On April 8, 2017 Stephen Caracappa died of cancer. He died in Butner, FCI where they house sick criminals like Carmine Persico and others.
Caracappa not only sold information to Gaspipe Casso and the Luchese family, he committed murder for him. In 1990 he and his partner pulled over Gambino Edward Lino on the Belt Parkway and they shot him. They dropped off another man they kidnapped so that he could be tortured.
They also sold bad information to Gaspipe that resulted in the Christmas day murder of Nicholas Guido, an innocent man who was just showing off his new car.
Guido happened to have the same name as one of the men who shot at Gaspipe Casso when they tried to murder him. The Guido they were seeking had fled the state in fear of being found.

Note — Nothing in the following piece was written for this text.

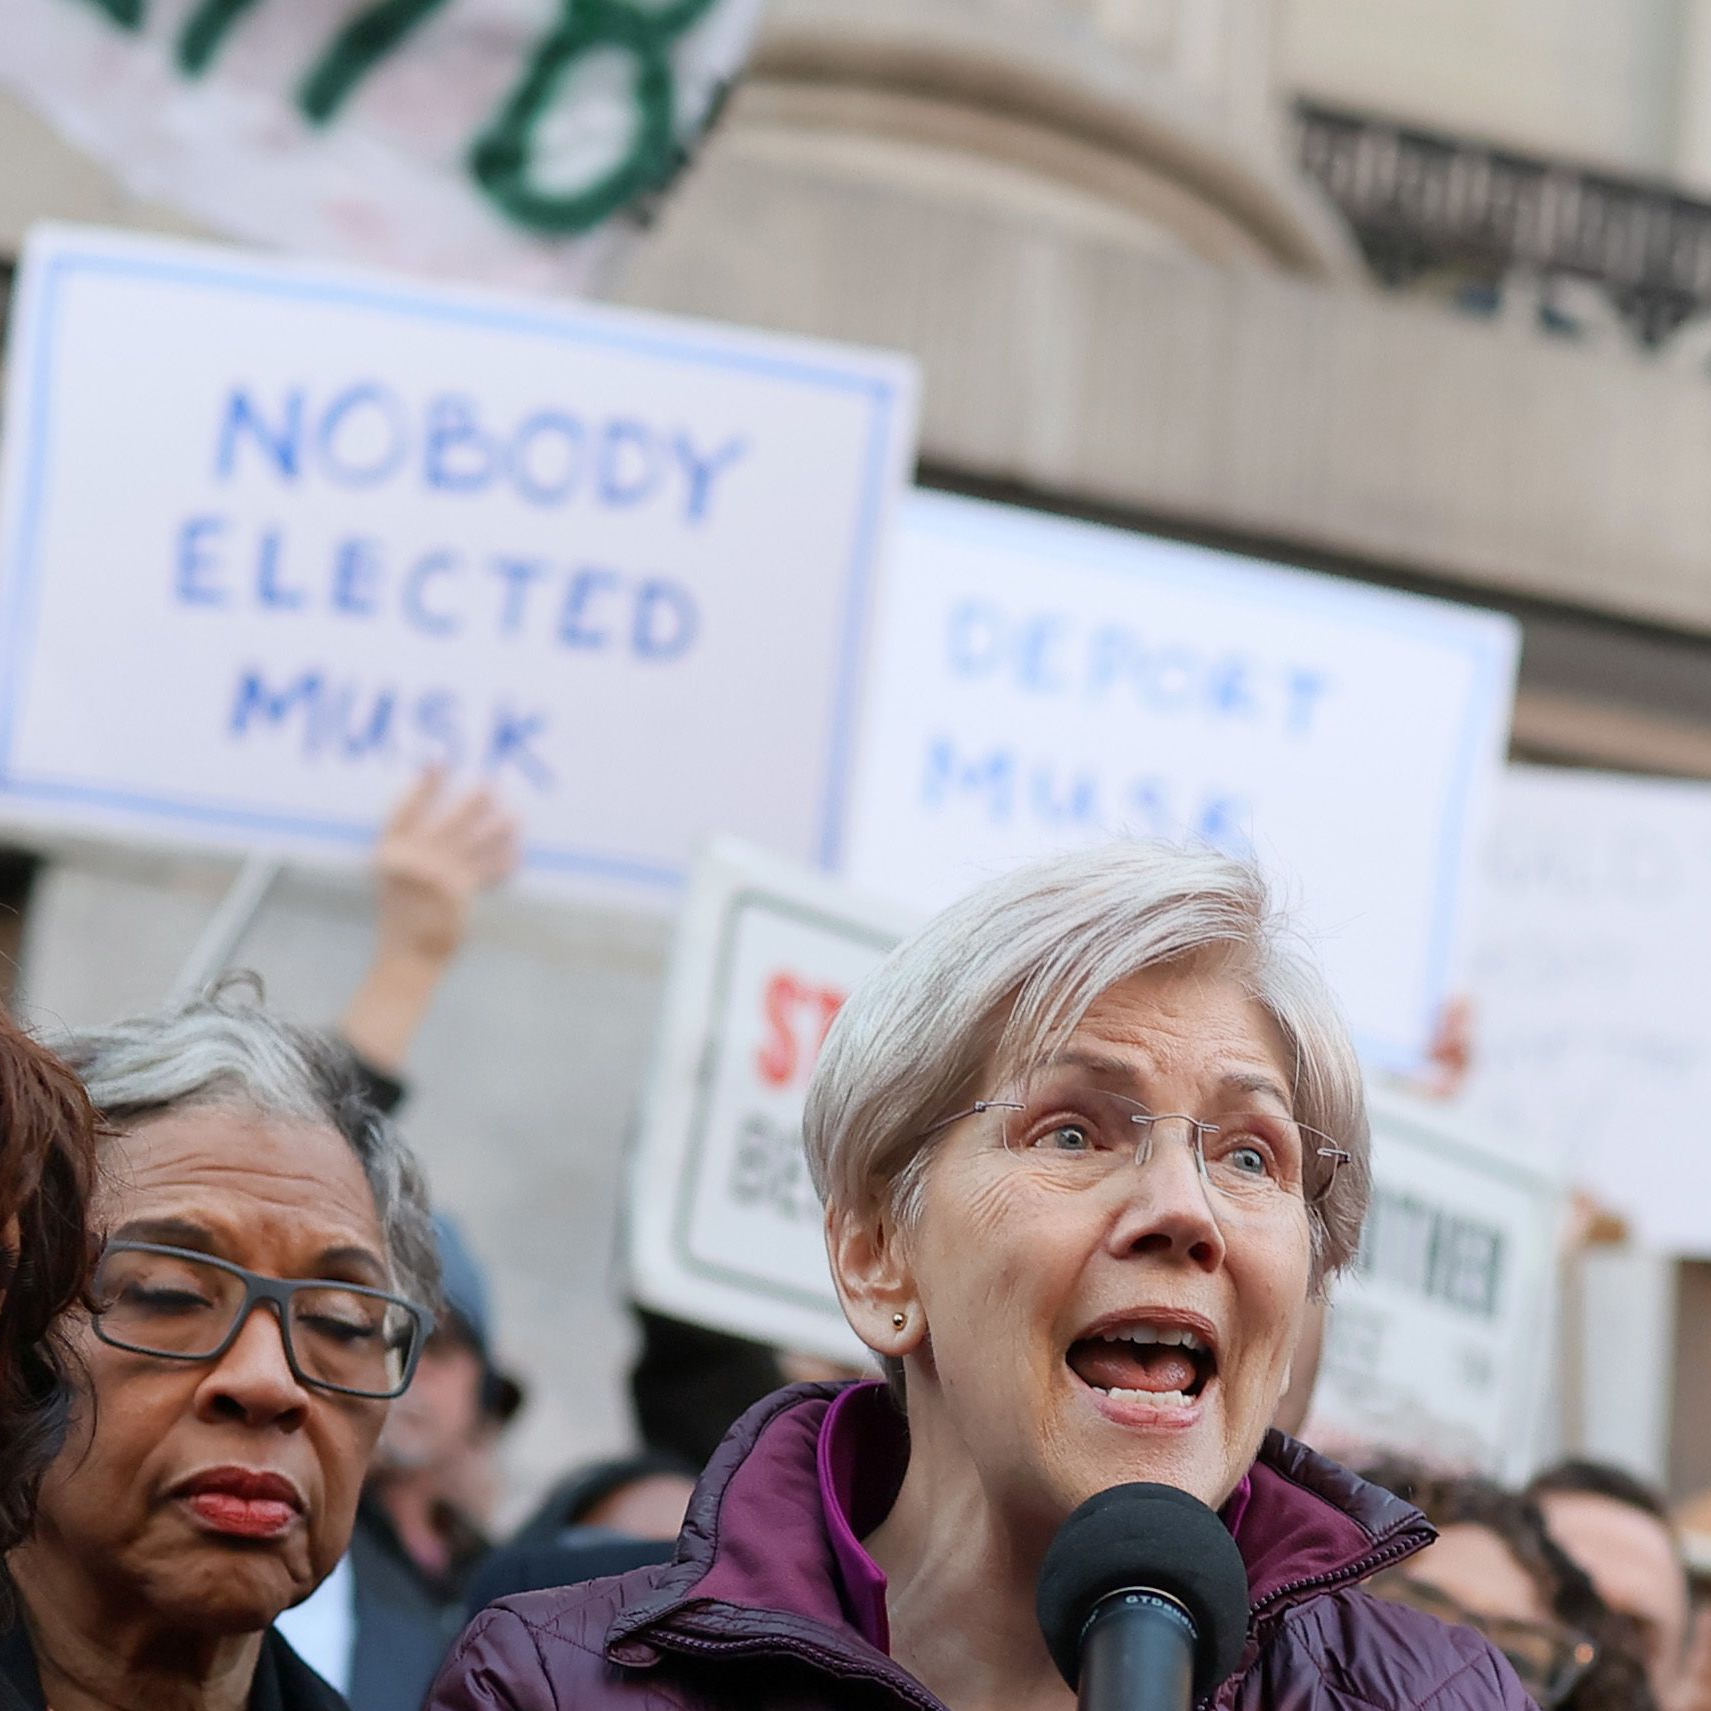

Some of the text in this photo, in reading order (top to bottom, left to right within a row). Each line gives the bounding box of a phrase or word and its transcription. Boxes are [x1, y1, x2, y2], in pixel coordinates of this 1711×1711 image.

[209, 380, 751, 526] NOBODY
[173, 513, 701, 664] ELECTED
[227, 666, 559, 794] MUSK
[944, 594, 1331, 740] DEPORT
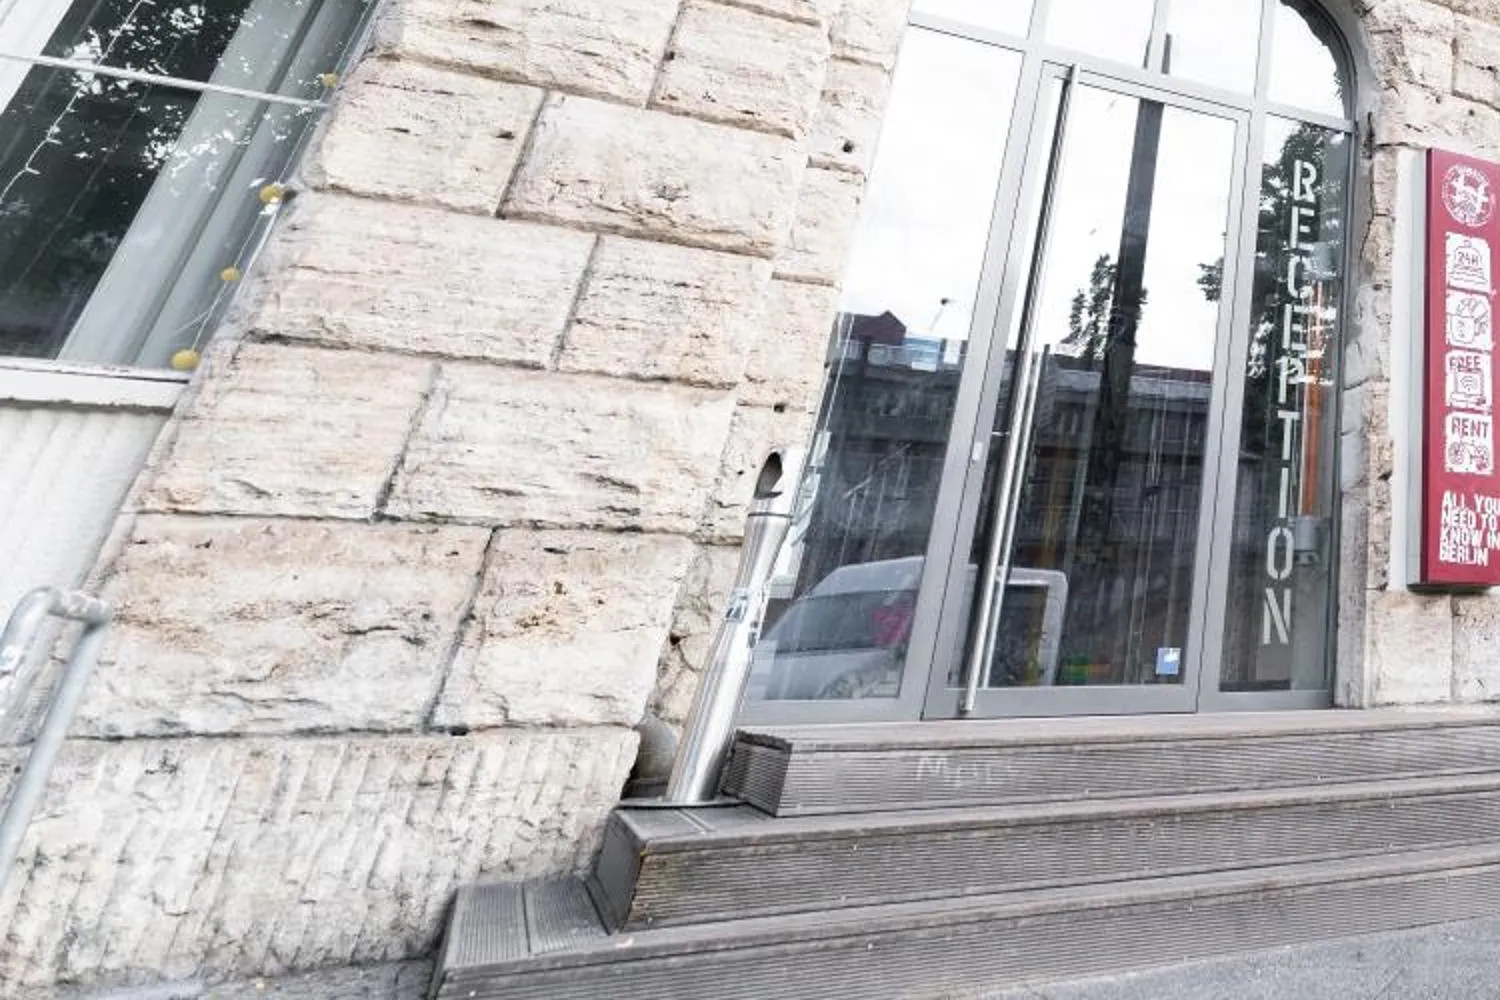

Diamond dealer Israel Greenwald got into trouble with the mafia in 1985 when he traveled to Great Britain to help a friend purchase some treasury bills. He thought the deal was an honest one. When he returned, the FBI questioned him about his business. Burton Kaplan, a drug dealer connected with Gaspipe Casso, hired Caracappa and Eppolito to find him and murder him so he could not talk to the FBI.
The two law enforcement officers used police databases to find out Greenwald's address and the kind of car he drove. They pulled over his car, flashed their badges and told them they were taking him in for a hit and run. They took him to a Brooklyn warehouse where they murdered and buried him. Greenwald was not found for twenty years and his family had been left to wonder what became of him.
Greenwald's family lost everything because they could not prove he died. The last they saw him when he left for work. Caracappa had appealed his case and just recently asked a judge to grant him release because he was dying of cancer. The judge rightly told him there was nothing he could do for him.